Actually, that is my Office's external IP.

Are disconnects detected when you connect to this application from a web browser using the same wi-fi network you were using for the phone?

Yes I'm facing the same problem too!
When my client abrupt disconnected, the server side does not trigger 'disconnect' event, which is really annoying and can cause some bug.

By abrupt disconnection I mean something like Wi-Fi turning off, Battery down, etc, after which the client SDK has no chance to send 'Disconnect' event by it's logic.
I thought there may be some mechanism for the server to detect disconnected client, but after I waited for, like 5 minutes, I guess there are not.

I've been playing with a Chrome client on Android and found the following:

  • If the client calls the disconnect function, the server receives the disconnect event.
  • If you close a tab that has a connection to the server, the server stills receives a disconnect event.
  • If you switch the phone to airplane mode, or turn it off while there is a connection to the server, the socket is not properly disconnected, so the server does not receive a disconnect event.

This behavior can be seen when using eventlet or gevent, and is also present with other websocket servers.

To detect those disconnections, the server will need to keep track of PING packets sent by clients, like it does for long-polling. Any clients that haven't sent a PING packet in more time than the configured ping_interval, will be disconnected. Unfortunately this means that a client that loses its connection abruptly will be declared disconnected after 60 seconds in the worst case, when using the default ping interval. The disconnect may be detected earlier if the server needs to send an event to that client.

Exactly. So does this mean it’s a problem with Android’s networking libraries?
I saw this problem in an Android app using the socketio java client library and you reported the same problem in a Chrome page, so I assume it’s not an implementation issue and rather a problem (feature?) on how Android handles abrupt disconnections.

Lowering the ping interval is an option?

On 5 May 2017, at 18:21, Miguel Grinberg notifications@github.com wrote:

I've been playing with a Chrome client on Android and found the following:

If the client calls the disconnect function, the server receives the disconnect event.
If you close a tab that has a connection to the server, the server stills receives a disconnect event.
If you switch the phone to airplane mode, or turn it off while there is a connection to the server, the socket is not properly disconnected, so the server does not receive a disconnect event.
To detect those disconnections, the server will need to keep track of PING packets sent by clients, like it does for long-polling. Any clients that haven't sent a PING packet in more time than the configured ping_interval, will be disconnected. Unfortunately this means that a client that loses its connection abruptly will be declared disconnected only after 60 seconds, when using the default ping interval.

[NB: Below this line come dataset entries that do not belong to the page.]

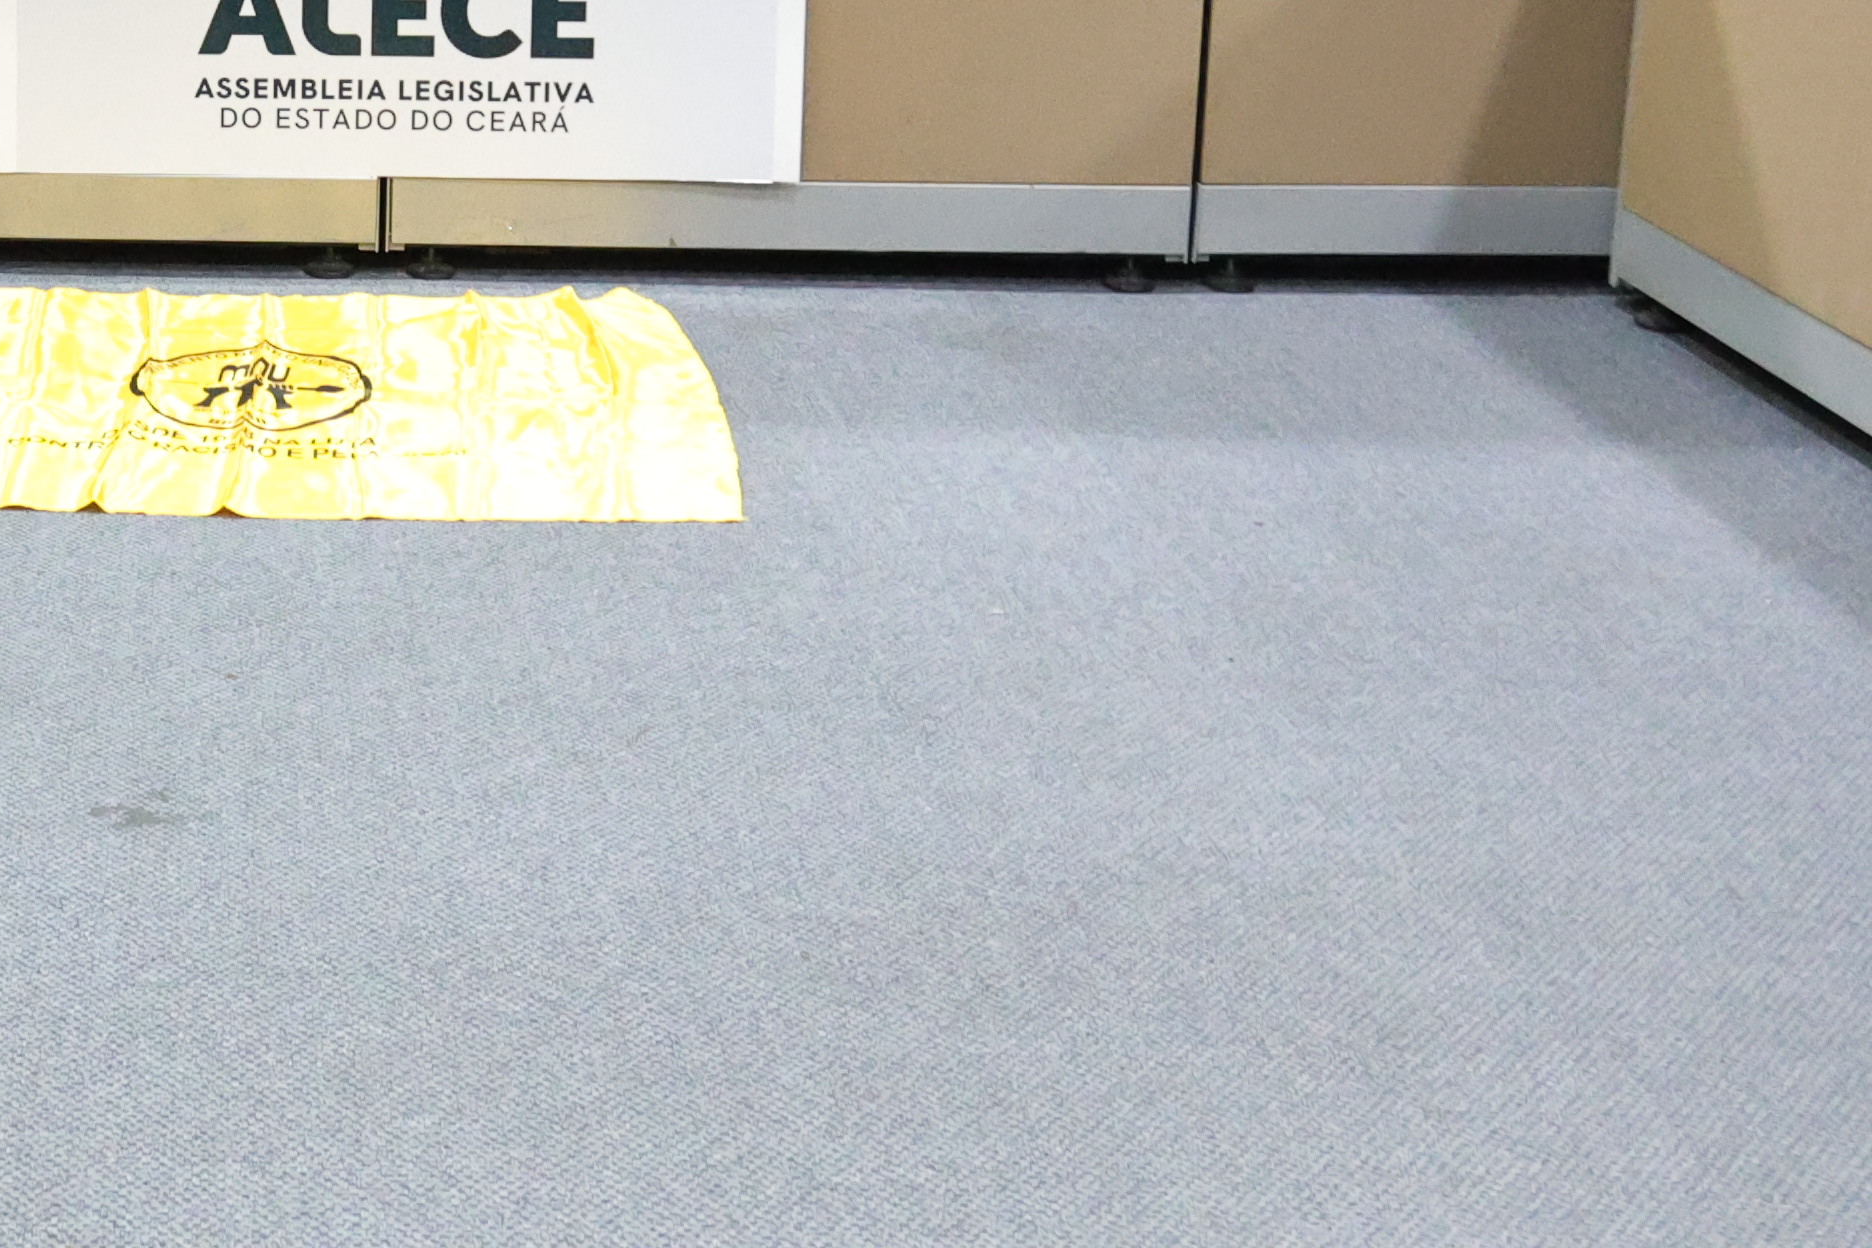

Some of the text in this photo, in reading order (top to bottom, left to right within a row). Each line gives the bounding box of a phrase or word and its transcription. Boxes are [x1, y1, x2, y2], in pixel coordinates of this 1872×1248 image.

[195, 78, 593, 103] ASSEMBLEIA LEGISLATIVA
[221, 107, 568, 132] DO ESTADO DO CEARÁ
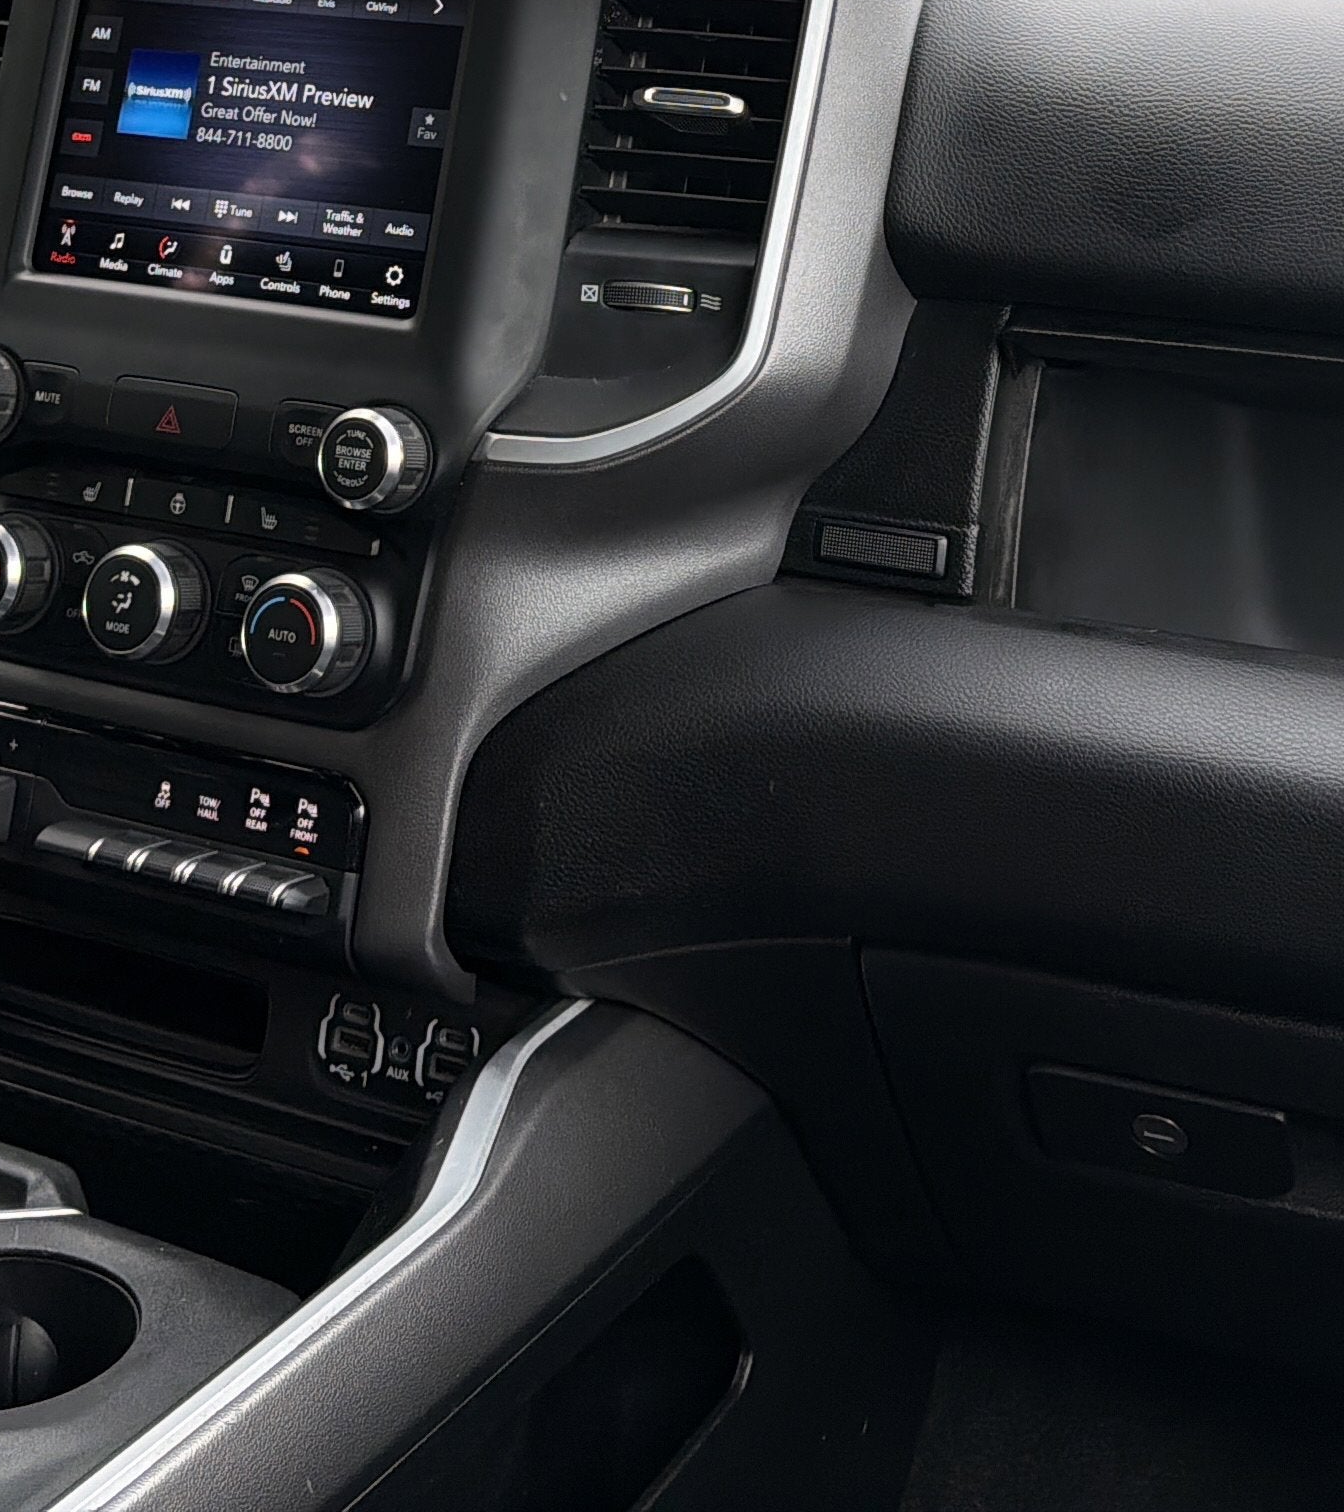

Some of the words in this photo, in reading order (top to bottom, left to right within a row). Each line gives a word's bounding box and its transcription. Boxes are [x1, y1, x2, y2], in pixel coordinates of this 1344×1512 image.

[91, 27, 111, 40] AM
[210, 51, 306, 75] Entertainment
[83, 79, 101, 91] FM
[207, 76, 215, 94] 1
[221, 76, 298, 102] SiriusXM
[303, 84, 374, 109] Preview
[201, 103, 238, 121] Great
[243, 106, 277, 124] Offer
[281, 109, 317, 127] Now!
[196, 127, 292, 151] 844-711-8800
[417, 128, 437, 140] Fav
[61, 186, 93, 200] Browse
[114, 191, 144, 207] Replay
[230, 205, 252, 218] Tune
[325, 209, 355, 224] Traffic
[355, 213, 364, 224] &
[323, 222, 363, 238] Weather
[385, 223, 414, 237] Audio
[50, 251, 76, 264] Radio
[99, 257, 129, 271] Media
[147, 263, 183, 279] Climate
[209, 271, 234, 286] Apps
[260, 278, 301, 294] Controls
[319, 285, 351, 300] Phone
[371, 292, 411, 310] Settings
[35, 390, 61, 405] MUTE
[288, 423, 323, 438] SCREEN
[346, 429, 366, 440] TUNE
[296, 436, 313, 447] OFF
[335, 444, 372, 459] BROWSE
[338, 459, 366, 471] ENTER
[337, 473, 364, 487] SCROLL
[105, 621, 130, 634] MODE
[268, 628, 296, 644] AUTO
[155, 798, 171, 809] OFF
[199, 795, 221, 810] TOW/
[197, 807, 219, 822] HAUL
[249, 807, 267, 819] OFF
[245, 818, 268, 832] REAR
[297, 817, 314, 829] OFF
[289, 828, 318, 843] FRONT
[361, 1070, 368, 1088] 1
[386, 1065, 409, 1082] AUX
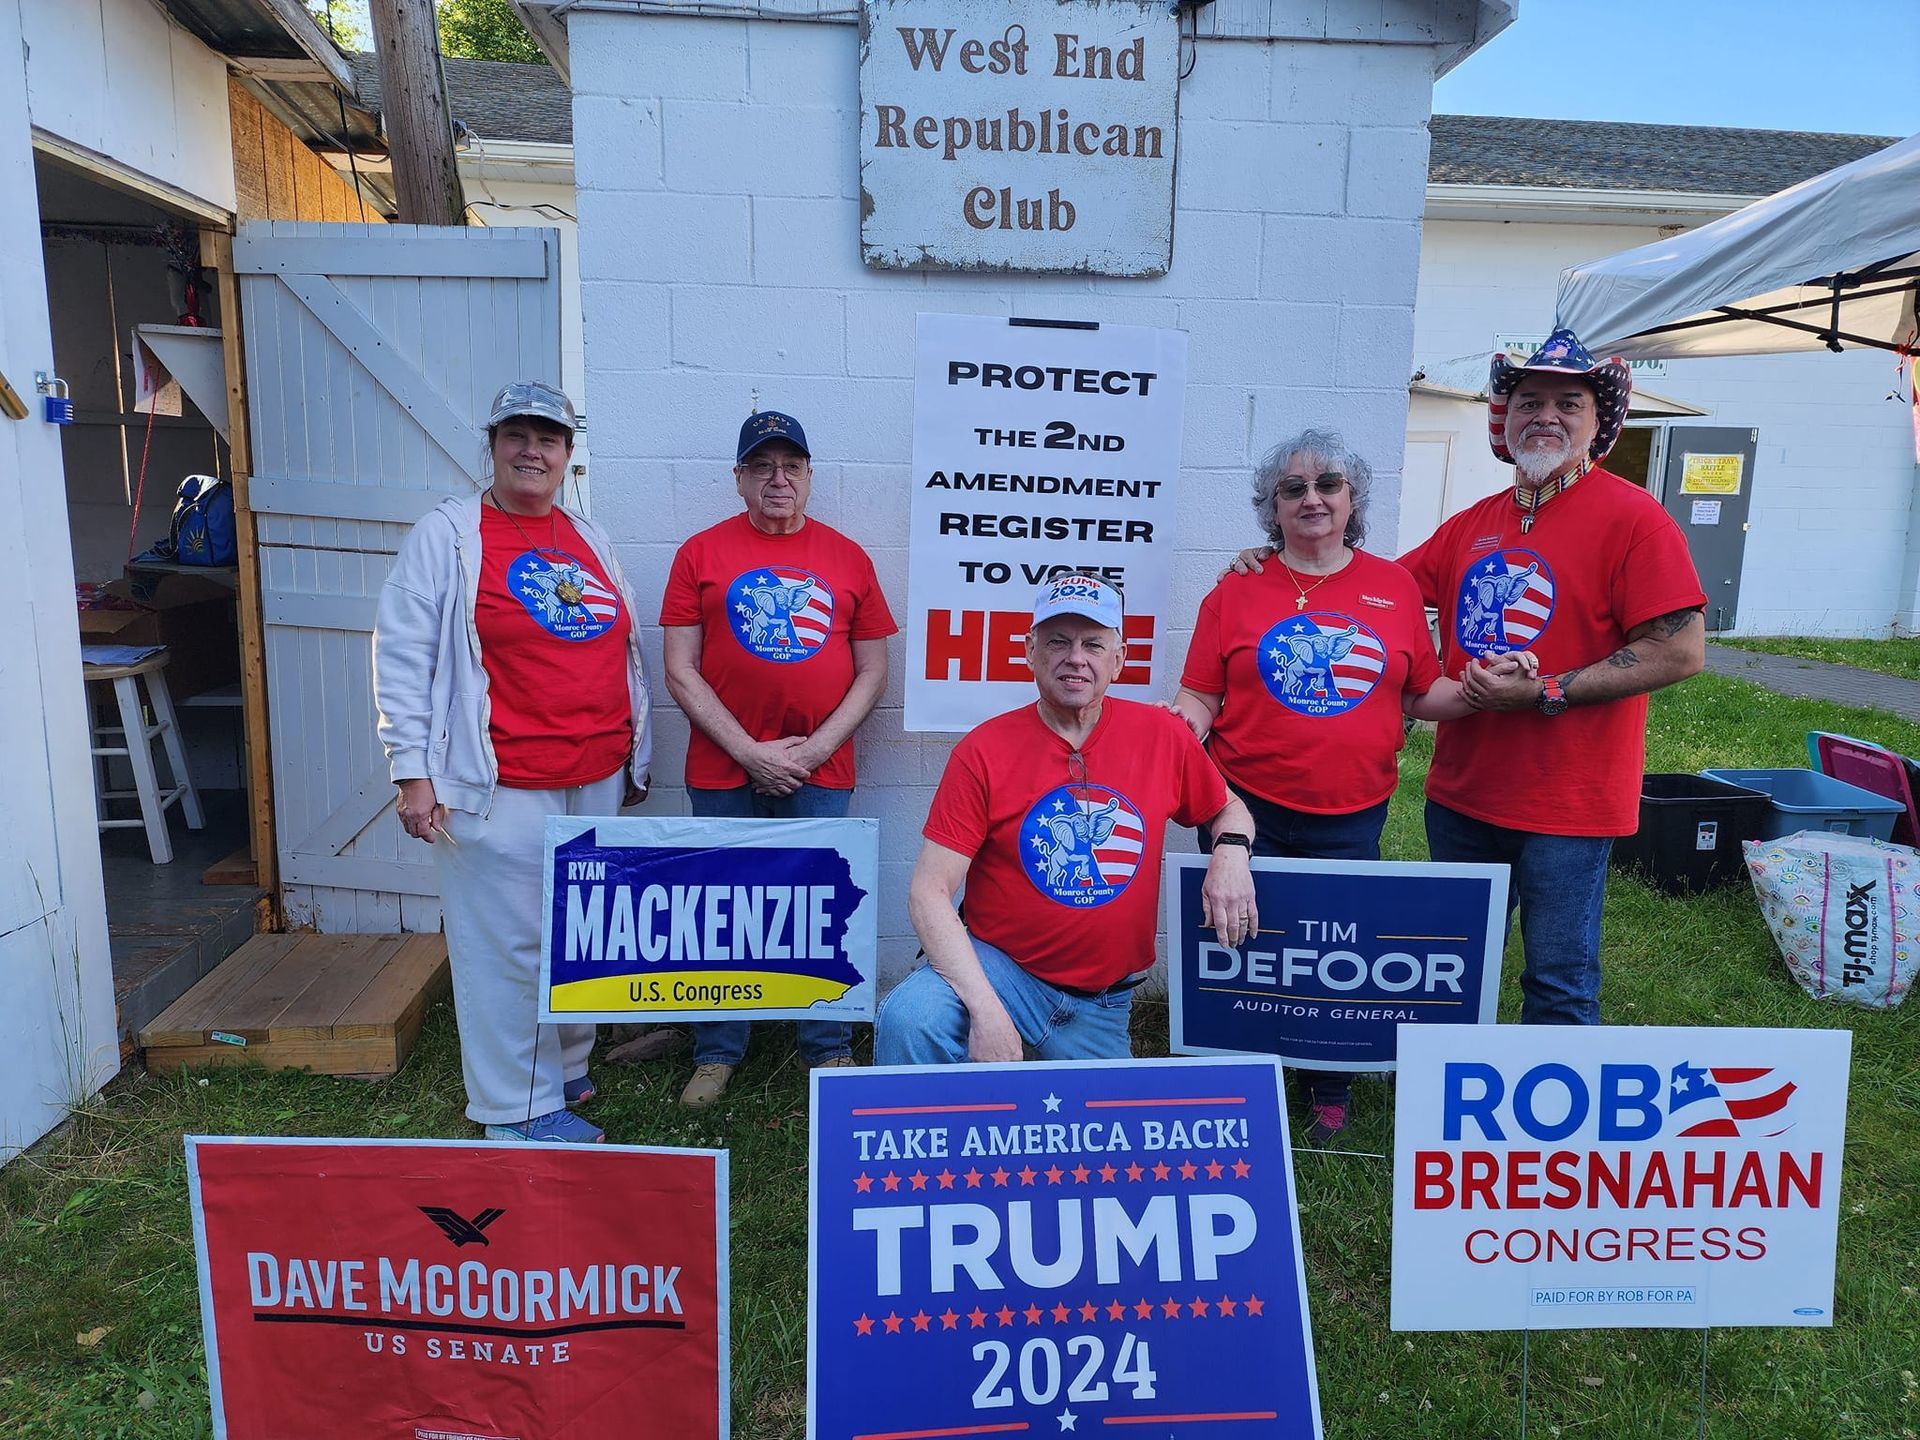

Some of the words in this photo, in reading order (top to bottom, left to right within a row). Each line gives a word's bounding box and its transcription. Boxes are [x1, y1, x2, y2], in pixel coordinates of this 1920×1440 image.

[896, 24, 1029, 76] West
[1053, 33, 1145, 81] End
[874, 105, 1164, 161] Republican
[963, 185, 1076, 231] Club
[948, 361, 1158, 396] PROTECT
[974, 428, 1037, 448] THE
[1043, 420, 1125, 452] 2ND
[925, 471, 1161, 499] AMENDMENT
[939, 512, 1154, 543] REGISTER
[958, 561, 1012, 583] TO
[1054, 577, 1101, 589] TRUMP
[1049, 585, 1100, 601] 2024
[581, 624, 603, 632] County
[755, 645, 783, 653] Monroe
[784, 646, 808, 656] County
[773, 652, 791, 660] GOP
[925, 609, 1155, 685] HEE
[1464, 640, 1488, 649] Monroe
[1288, 696, 1319, 705] Monroe
[1321, 698, 1349, 708] County
[1308, 705, 1328, 713] GOP
[567, 861, 606, 881] RYAN
[1053, 888, 1086, 896] Monroe
[1087, 888, 1115, 896] County
[1074, 896, 1095, 904] GOP
[565, 884, 836, 962] MACKENZIE
[1298, 920, 1357, 944] TIM
[629, 982, 666, 1002] U.S.
[673, 981, 763, 1006] Congress
[1233, 1000, 1320, 1018] AUDITOR
[1330, 1008, 1419, 1021] GENERAL
[1442, 1062, 1663, 1142] ROB
[853, 1127, 949, 1161] TAKE
[960, 1121, 1132, 1157] AMERICA
[1142, 1118, 1250, 1151] BACK!
[1414, 1150, 1823, 1210] BRESNAHAN
[852, 1193, 1257, 1296] TRUMP
[1464, 1227, 1767, 1264] CONGRESS
[247, 1252, 368, 1310] DAVE
[1535, 1291, 1566, 1304] PAID
[1568, 1291, 1594, 1303] FOR
[1598, 1291, 1615, 1302] BY
[1617, 1290, 1644, 1302] ROB
[1647, 1290, 1673, 1302] FOR
[1677, 1290, 1693, 1302] PA
[364, 1332, 406, 1355] US
[427, 1338, 570, 1365] SENATE
[971, 1332, 1157, 1409] 2024

You are receiving this because you authored the thread.
Reply to this email directly, view it on GitHub https://github.com/miguelgrinberg/Flask-SocketIO/issues/442#issuecomment-299578955, or mute the thread https://github.com/notifications/unsubscribe-auth/AA-scumAaO6SqSat2-RJDAr-Q9Cky6pxks5r25LxgaJpZM4M6RGb.

It's just the way TCP works. It would be nice if Android cleanly disconnected all sockets before going into airplane mode, but still, that would not solve the issue of an abrupt loss of signal.

Lowering the ping interval is not a good idea, as that increases the ping/pong traffic, degrading performance as the number of connected clients grows.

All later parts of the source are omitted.